Nonparametric Statistics: Theory And Methods
Title | Nonparametric Statistics: Theory And Methods PDF eBook |
Author | Jayant V Deshpande |
Publisher | World Scientific |
Pages | 279 |
Release | 2017-10-17 |
Genre | Mathematics |
ISBN | 981466359X |
The number of books on Nonparametric Methodology is quite small as compared to, say, on Design of Experiments, Regression Analysis, Multivariate Analysis, etc. Because of being perceived as less effective, nonparametric methods are still the second choice. Actually, it has been demonstrated time and again that they are useful. We feel that there is still need for proper texts/applications/reference books on Nonparametric Methodology.This book will introduce various types of data encountered in practice and suggest the appropriate nonparametric methods, discuss their properties through null and non-null distributions whenever possible and demonstrate the very minor loss in power and efficiency in the nonparametric method, if any.The book will cover almost all topics of current interest such as bootstrapping, ranked set sampling, techniques for censored data and Bayesian analysis under nonparametric set ups.
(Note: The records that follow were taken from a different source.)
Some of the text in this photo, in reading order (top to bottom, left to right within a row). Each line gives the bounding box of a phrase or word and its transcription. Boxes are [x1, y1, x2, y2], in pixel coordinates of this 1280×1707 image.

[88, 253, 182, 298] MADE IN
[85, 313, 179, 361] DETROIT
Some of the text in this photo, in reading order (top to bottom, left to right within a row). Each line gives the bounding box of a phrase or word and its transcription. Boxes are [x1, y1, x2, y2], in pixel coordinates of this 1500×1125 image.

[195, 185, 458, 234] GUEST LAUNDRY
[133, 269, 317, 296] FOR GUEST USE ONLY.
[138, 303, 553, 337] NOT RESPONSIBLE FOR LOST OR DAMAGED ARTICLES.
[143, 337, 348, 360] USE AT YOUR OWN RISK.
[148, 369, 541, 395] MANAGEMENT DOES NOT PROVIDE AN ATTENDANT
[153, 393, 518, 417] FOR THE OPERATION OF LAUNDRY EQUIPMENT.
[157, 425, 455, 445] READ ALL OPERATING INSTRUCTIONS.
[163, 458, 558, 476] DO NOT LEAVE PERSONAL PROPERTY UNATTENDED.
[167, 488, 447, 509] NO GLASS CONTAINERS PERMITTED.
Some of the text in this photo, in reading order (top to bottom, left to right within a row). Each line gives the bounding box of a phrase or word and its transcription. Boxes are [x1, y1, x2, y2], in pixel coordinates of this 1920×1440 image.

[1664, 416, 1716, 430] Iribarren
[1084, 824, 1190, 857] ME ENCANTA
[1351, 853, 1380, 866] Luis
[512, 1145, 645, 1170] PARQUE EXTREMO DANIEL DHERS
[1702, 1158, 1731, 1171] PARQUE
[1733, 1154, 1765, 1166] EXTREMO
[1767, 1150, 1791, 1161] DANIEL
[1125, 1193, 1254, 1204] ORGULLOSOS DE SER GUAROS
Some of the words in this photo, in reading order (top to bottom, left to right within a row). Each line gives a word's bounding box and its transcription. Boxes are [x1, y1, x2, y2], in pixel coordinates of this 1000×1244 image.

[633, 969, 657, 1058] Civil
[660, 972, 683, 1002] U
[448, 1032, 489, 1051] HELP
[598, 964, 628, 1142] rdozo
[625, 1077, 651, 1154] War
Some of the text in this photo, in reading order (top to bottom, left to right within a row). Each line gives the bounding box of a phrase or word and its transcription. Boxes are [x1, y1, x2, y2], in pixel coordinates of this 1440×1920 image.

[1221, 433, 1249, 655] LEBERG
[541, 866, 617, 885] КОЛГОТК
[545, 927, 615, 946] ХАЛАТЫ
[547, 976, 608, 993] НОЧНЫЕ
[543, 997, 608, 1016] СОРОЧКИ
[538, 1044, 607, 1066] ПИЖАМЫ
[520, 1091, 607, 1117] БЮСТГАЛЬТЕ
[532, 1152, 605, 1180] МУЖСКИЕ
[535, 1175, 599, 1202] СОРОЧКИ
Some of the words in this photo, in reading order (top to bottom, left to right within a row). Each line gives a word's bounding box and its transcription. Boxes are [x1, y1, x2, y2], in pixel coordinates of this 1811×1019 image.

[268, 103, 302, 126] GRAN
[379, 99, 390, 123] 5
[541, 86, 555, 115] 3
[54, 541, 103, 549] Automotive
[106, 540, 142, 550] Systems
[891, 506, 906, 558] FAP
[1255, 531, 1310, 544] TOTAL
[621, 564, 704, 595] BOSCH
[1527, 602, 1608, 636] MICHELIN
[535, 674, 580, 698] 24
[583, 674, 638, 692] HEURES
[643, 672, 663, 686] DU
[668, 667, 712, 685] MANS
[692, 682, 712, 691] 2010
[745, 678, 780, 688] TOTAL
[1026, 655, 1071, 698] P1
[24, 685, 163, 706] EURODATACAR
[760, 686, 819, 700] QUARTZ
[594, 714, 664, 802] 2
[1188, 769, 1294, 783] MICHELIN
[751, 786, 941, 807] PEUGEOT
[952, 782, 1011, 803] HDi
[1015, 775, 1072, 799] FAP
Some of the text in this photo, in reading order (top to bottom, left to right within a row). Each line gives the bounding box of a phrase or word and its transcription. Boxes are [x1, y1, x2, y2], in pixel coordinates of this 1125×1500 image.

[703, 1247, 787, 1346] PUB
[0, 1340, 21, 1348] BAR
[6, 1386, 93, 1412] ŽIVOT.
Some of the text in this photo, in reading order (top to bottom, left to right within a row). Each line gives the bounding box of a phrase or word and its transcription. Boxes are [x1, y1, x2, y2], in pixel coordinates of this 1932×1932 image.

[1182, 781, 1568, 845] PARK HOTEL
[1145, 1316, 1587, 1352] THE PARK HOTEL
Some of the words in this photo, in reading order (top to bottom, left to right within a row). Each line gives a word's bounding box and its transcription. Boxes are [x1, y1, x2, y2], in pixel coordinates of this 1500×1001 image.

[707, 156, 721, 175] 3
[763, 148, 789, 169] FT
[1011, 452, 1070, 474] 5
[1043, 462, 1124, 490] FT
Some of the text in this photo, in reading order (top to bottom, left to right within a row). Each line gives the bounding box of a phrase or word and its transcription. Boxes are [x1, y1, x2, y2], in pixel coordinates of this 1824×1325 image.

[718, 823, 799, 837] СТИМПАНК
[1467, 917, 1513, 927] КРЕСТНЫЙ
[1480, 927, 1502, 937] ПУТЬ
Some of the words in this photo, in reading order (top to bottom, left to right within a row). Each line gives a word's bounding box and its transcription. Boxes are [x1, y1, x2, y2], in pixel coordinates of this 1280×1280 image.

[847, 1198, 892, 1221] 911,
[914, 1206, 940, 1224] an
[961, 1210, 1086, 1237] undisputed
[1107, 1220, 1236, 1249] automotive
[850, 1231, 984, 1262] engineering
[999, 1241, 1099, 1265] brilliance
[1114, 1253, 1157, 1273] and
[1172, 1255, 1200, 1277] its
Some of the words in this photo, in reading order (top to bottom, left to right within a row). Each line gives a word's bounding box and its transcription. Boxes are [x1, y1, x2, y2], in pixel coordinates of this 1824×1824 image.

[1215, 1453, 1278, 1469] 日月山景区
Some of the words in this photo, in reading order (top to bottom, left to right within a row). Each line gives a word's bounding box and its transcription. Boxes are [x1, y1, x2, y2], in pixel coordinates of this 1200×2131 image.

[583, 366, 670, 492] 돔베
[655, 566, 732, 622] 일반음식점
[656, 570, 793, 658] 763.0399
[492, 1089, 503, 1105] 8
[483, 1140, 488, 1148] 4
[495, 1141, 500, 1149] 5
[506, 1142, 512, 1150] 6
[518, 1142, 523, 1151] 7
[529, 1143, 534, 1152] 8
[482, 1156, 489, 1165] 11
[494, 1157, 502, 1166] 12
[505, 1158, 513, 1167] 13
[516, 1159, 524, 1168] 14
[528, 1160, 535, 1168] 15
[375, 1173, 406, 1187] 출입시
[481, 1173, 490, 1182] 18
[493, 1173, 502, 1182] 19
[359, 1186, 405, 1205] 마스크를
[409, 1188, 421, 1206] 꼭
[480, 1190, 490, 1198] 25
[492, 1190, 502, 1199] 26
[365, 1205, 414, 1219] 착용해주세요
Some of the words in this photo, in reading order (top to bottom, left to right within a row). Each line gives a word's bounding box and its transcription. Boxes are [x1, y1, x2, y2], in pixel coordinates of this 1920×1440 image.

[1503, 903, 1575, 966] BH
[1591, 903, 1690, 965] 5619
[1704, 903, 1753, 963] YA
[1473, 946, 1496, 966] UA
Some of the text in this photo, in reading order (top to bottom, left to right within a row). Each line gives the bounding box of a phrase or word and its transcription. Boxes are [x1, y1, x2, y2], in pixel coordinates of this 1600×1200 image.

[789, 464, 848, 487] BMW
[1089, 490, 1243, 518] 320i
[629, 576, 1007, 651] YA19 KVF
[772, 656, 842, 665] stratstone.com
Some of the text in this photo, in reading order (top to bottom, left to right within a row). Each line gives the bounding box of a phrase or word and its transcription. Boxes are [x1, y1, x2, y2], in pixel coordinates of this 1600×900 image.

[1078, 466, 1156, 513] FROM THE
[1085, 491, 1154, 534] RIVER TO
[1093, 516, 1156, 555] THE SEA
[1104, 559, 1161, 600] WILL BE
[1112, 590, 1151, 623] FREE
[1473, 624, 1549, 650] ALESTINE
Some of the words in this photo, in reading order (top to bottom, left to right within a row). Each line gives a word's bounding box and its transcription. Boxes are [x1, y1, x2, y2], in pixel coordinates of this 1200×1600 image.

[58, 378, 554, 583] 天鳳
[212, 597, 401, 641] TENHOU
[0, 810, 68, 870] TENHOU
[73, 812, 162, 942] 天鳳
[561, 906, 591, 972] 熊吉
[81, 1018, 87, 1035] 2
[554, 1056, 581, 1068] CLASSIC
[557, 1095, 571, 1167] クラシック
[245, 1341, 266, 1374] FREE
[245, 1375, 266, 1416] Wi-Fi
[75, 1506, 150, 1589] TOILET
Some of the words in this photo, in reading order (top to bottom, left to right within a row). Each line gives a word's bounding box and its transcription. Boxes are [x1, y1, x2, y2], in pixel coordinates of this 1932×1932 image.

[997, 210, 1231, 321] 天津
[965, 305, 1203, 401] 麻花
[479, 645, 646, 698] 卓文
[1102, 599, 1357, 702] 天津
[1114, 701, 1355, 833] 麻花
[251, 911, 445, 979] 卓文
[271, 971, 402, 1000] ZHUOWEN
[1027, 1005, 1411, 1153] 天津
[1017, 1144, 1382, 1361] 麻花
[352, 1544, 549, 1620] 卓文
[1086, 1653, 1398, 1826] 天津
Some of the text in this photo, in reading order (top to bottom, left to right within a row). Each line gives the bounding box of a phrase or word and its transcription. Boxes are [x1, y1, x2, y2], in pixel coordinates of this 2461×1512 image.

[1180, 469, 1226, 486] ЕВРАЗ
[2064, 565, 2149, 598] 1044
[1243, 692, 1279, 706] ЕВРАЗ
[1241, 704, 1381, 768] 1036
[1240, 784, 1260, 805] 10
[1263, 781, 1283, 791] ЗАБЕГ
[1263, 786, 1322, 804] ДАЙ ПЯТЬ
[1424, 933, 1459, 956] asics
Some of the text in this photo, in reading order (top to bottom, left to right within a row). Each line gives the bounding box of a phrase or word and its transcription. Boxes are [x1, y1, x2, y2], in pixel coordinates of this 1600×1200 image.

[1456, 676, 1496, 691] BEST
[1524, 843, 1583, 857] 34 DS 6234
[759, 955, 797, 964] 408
Interval-Censored Time-to-Event Data
Title | Interval-Censored Time-to-Event Data PDF eBook |
Author | Ding-Geng (Din) Chen |
Publisher | CRC Press |
Pages | 435 |
Release | 2012-07-19 |
Genre | Mathematics |
ISBN | 1466504250 |
Interval-Censored Time-to-Event Data: Methods and Applications collects the most recent techniques, models, and computational tools for interval-censored time-to-event data. Top biostatisticians from academia, biopharmaceutical industries, and government agencies discuss how these advances are impacting clinical trials and biomedical research. Divided into three parts, the book begins with an overview of interval-censored data modeling, including nonparametric estimation, survival functions, regression analysis, multivariate data analysis, competing risks analysis, and other models for interval-censored data. The next part presents interval-censored methods for current status data, Bayesian semiparametric regression analysis of interval-censored data with monotone splines, Bayesian inferential models for interval-censored data, an estimator for identifying causal effect of treatment, and consistent variance estimation for interval-censored data. In the final part, the contributors use Monte Carlo simulation to assess biases in progression-free survival analysis as well as correct bias in interval-censored time-to-event applications. They also present adaptive decision making methods to optimize the rapid treatment of stroke, explore practical issues in using weighted logrank tests, and describe how to use two R packages. A practical guide for biomedical researchers, clinicians, biostatisticians, and graduate students in biostatistics, this volume covers the latest developments in the analysis and modeling of interval-censored time-to-event data. It shows how up-to-date statistical methods are used in biopharmaceutical and public health applications.